Big thanks, colossal tanks: Jacopa gives Dŵr Cymru Welsh Water standard special treatment


Swansea Bay

In this sponsored post, wastewater expert Jacopa details the completion of a £2.5m design and installation contract for a dissolved air flotation (DAF) solution on behalf of Dŵr Cymru Welsh Water’s landmark Swansea wastewater treatment plant.

The solution was provided for client Imtech Process on behalf of Dŵr Cymru Welsh Water.

One of Dŵr Cymru’s flagship plants, the Swansea works went into operation in 1996 as a “Zero Nuisance Plant”, designed to be buried underground with extensive landscaping to disguise its existence from the landward side.

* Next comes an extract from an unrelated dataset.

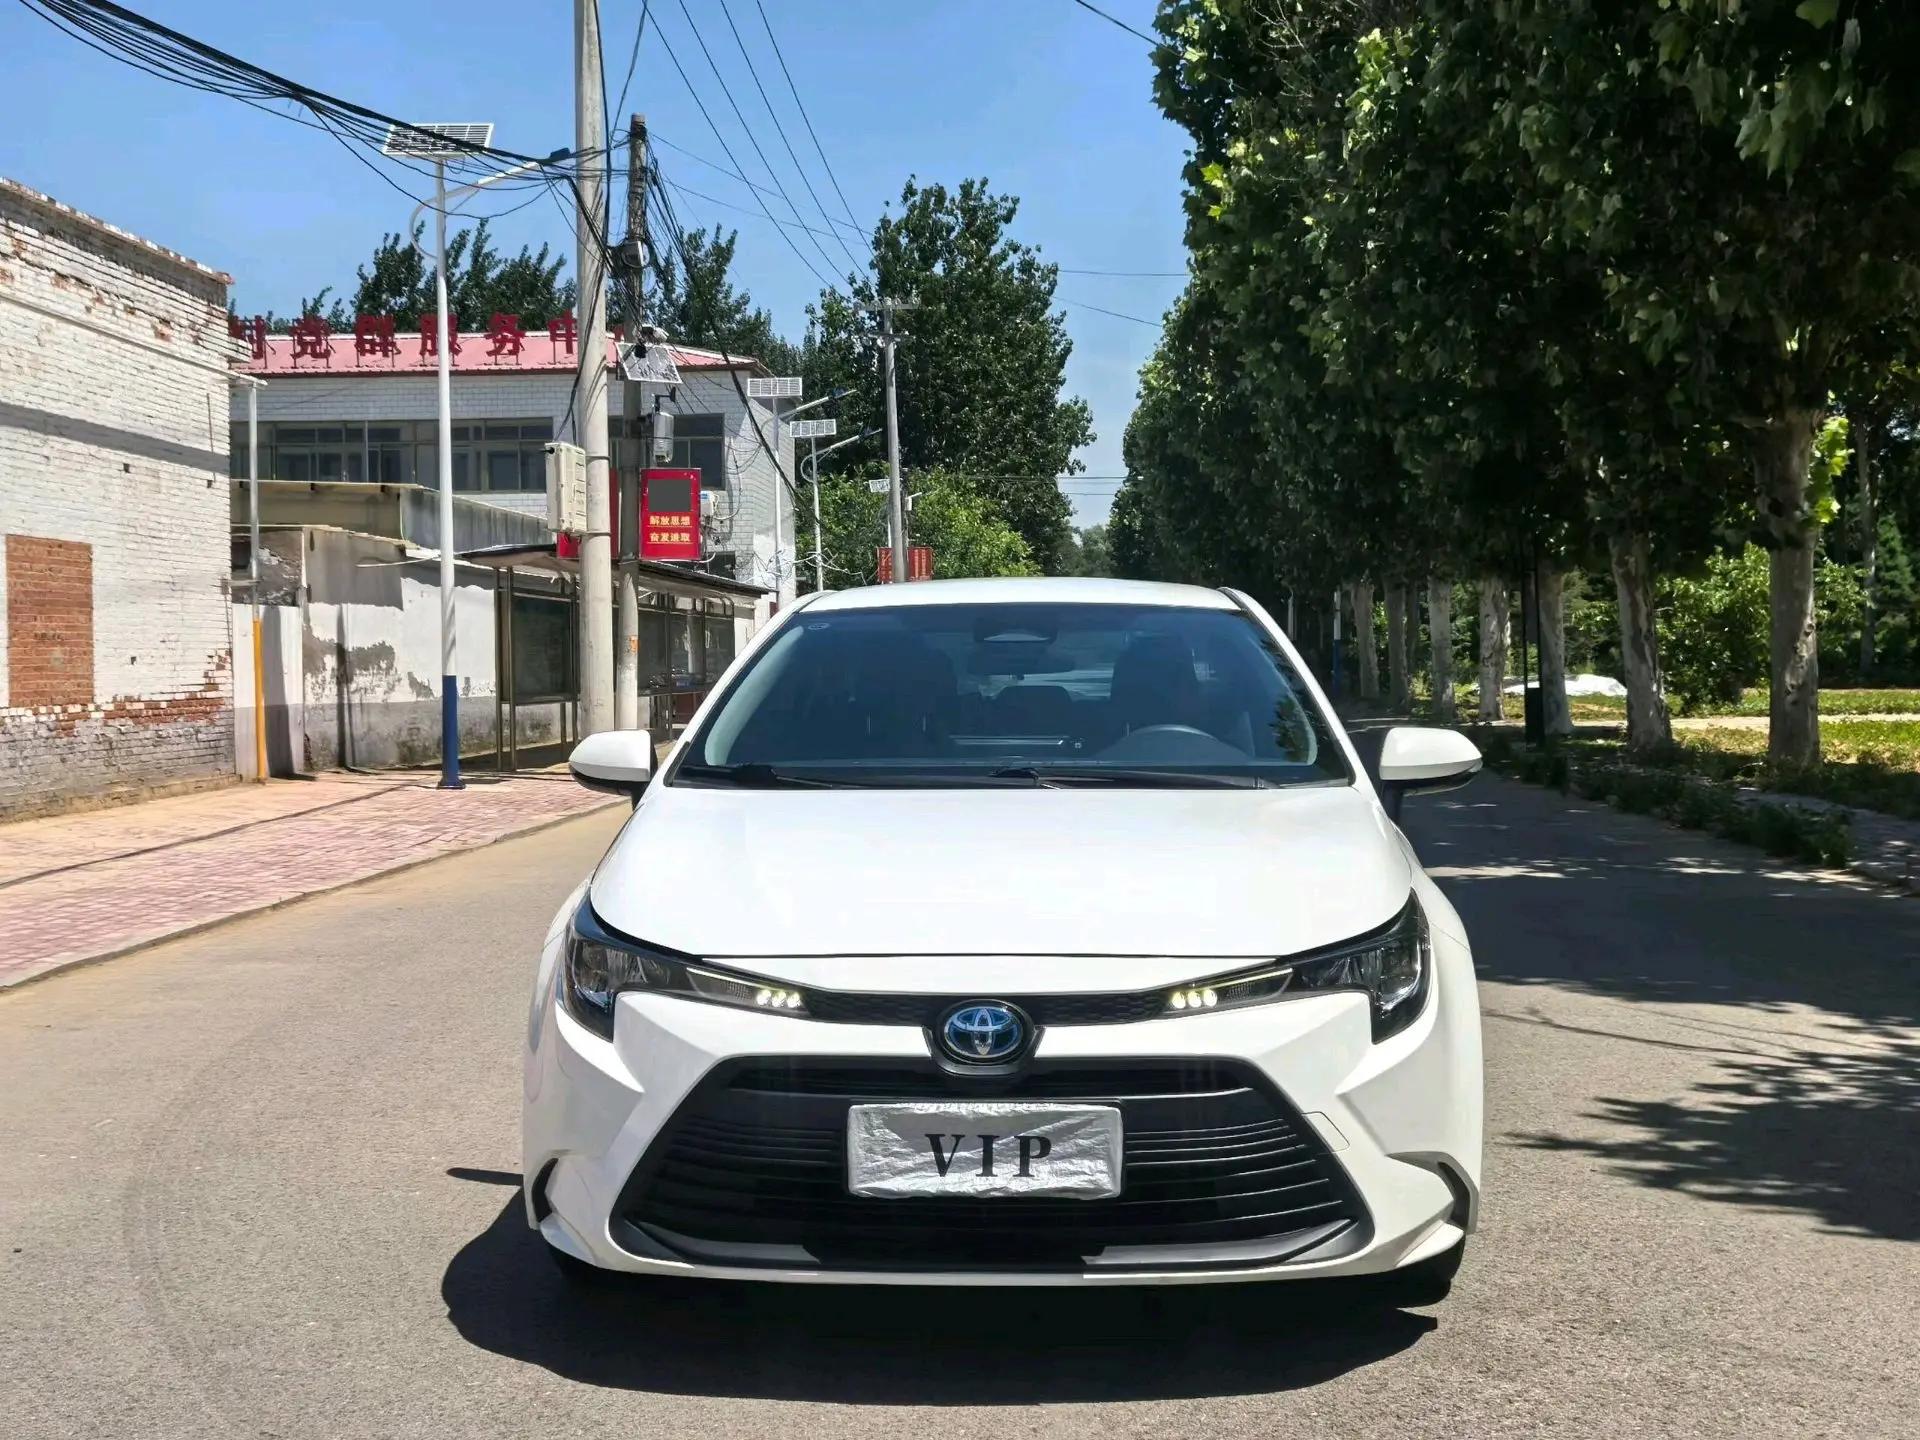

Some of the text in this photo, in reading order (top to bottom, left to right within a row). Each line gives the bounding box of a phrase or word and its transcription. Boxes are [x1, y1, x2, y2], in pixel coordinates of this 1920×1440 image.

[649, 515, 691, 526] 解放思想
[650, 532, 690, 542] 奋发进取
[924, 1133, 1052, 1178] VIP

The original facility treatment train consisted of screening, fat, oil, grease and grit (FOGG) removal lanes, primary settlement tanks (PSTs) fitted with lamella plates, a four-lane activated sludge process, final settlement tanks (FSTs) that are also fitted with lamella plates, and UV disinfection as well as sludge treatment. With a need to reduce operating costs and comply with the tightened effluent discharge consent for Swansea Bay, sustainable improvements were needed.

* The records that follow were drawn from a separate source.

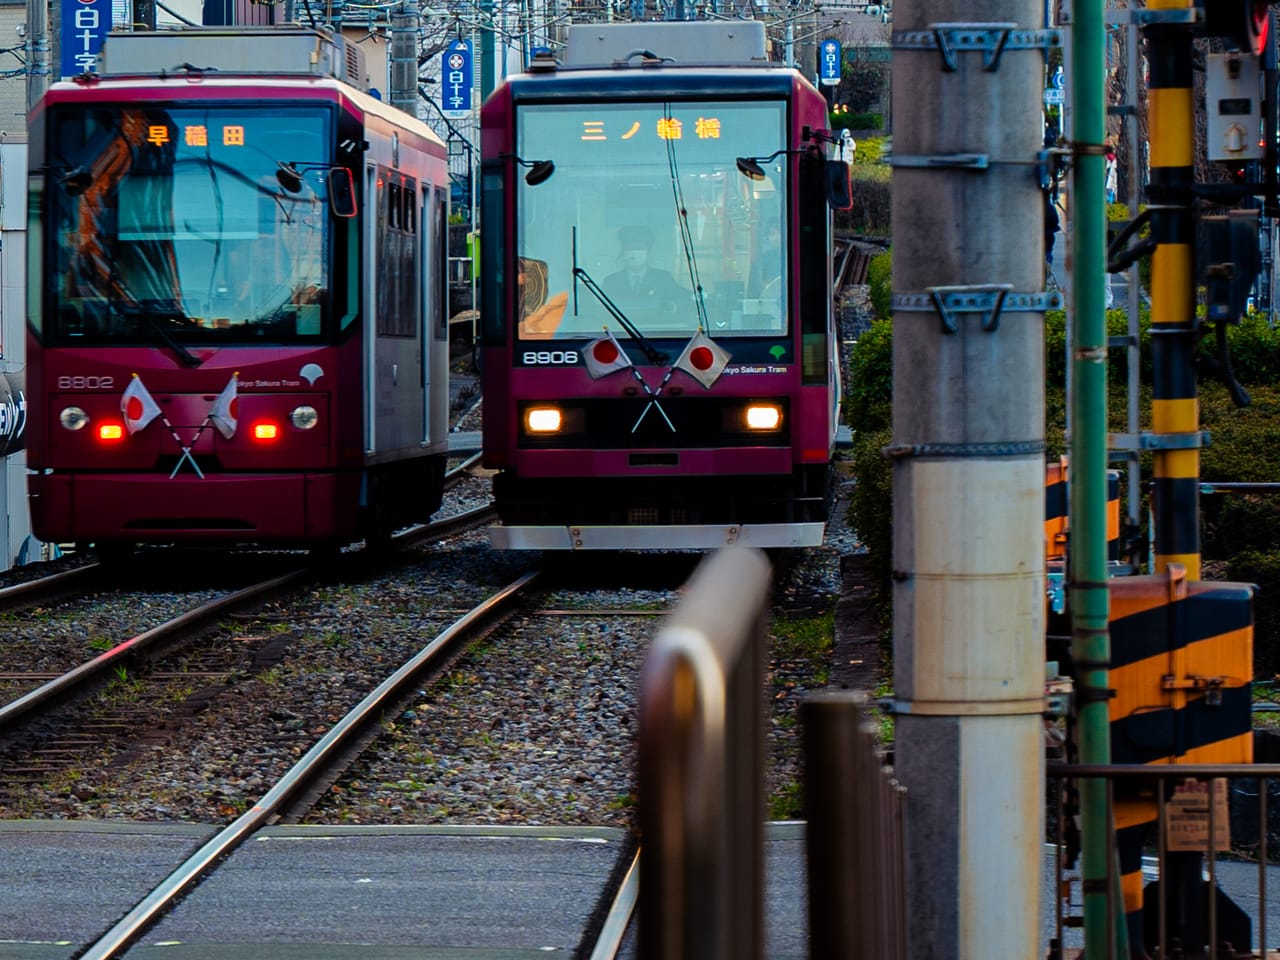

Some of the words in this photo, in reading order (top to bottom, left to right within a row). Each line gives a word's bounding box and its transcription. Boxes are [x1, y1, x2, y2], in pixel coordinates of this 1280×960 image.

[74, 6, 99, 73] 白十字
[449, 70, 464, 109] 白十字
[147, 125, 244, 147] 早稲田
[523, 351, 578, 364] 8906
[722, 366, 740, 375] okyo
[741, 365, 766, 374] Sakura
[767, 365, 787, 373] Tram
[58, 376, 114, 389] 8802
[236, 380, 253, 388] okyo
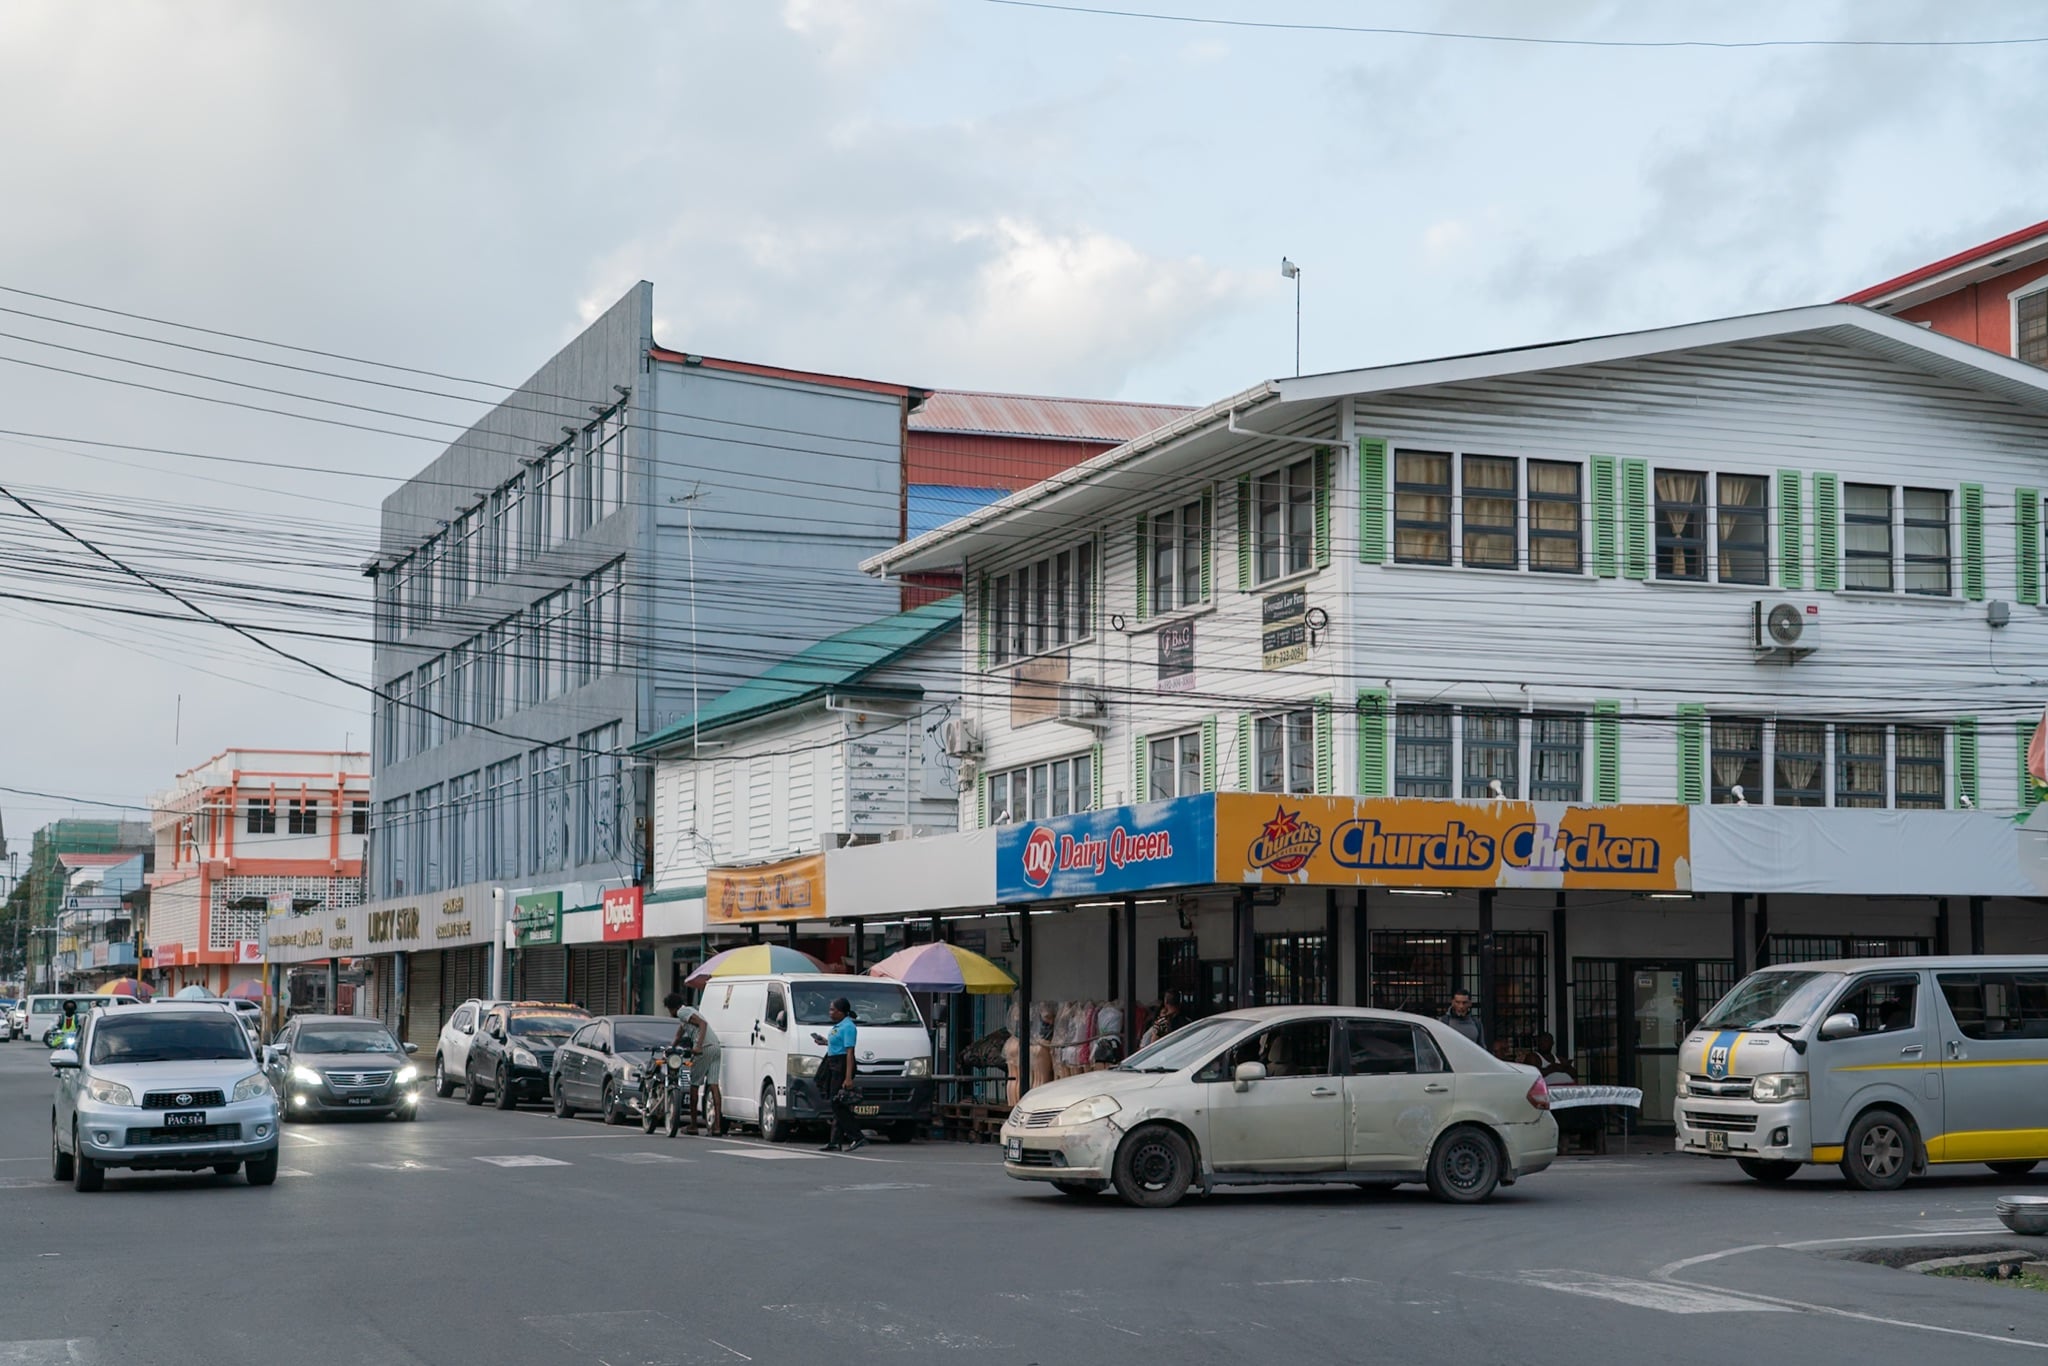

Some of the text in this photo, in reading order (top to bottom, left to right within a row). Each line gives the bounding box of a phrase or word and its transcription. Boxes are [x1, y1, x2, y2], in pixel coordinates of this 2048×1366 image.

The works has therefore been undergoing a substantial upgrade since 2011 that has modernised many of its treatment systems. Developing innovative process solutions to meet the identified needs for improvements has been challenging because of the restricted underground site.

It was decided that to ensure long-term compliance, one key solution was to change the process from the current activated sludge plant with final lamella settlement to moving bed biofilm reactors (MBBRs), and dissolved air flotation (DAF).

Jacopa’s remit to convert 11 FSTs to DAFs faced several challenges, not least that the lamella tanks were underground with access and lifting operations severely hindered. The chosen solution involved designing a frame and chain scraper halfway along the tank, because flow velocities at the surface were calculated to be sufficient for the float sludge to reach the scraped section.

Installation within such a restricted headroom was achieved by devising a novel lifting gantry to install the equipment. Components were manufactured in subassemblies and were put together in situ with expert input from the company’s Chippenham office.

Project manager Graham Fife notes: “It was not an easy task – the tanks are colossal, two storeys deep. Installing the equipment safely was priority. With the aid of the bespoke lifting gantry system, the install was achieved.”

Another key challenge for the £2.5 million contract was the changeover methodology. Two tanks had to be changed at a time to ensure the processes continued to provide full treatment for Swansea’s wastewater.

The plant is now operational and is in compliance with the tightened consents. The 112,000m3/day, 225,000 PE DAF plant has to achieve an effluent total suspended solids (TSS) limit of 30mg/l on average throughout the year.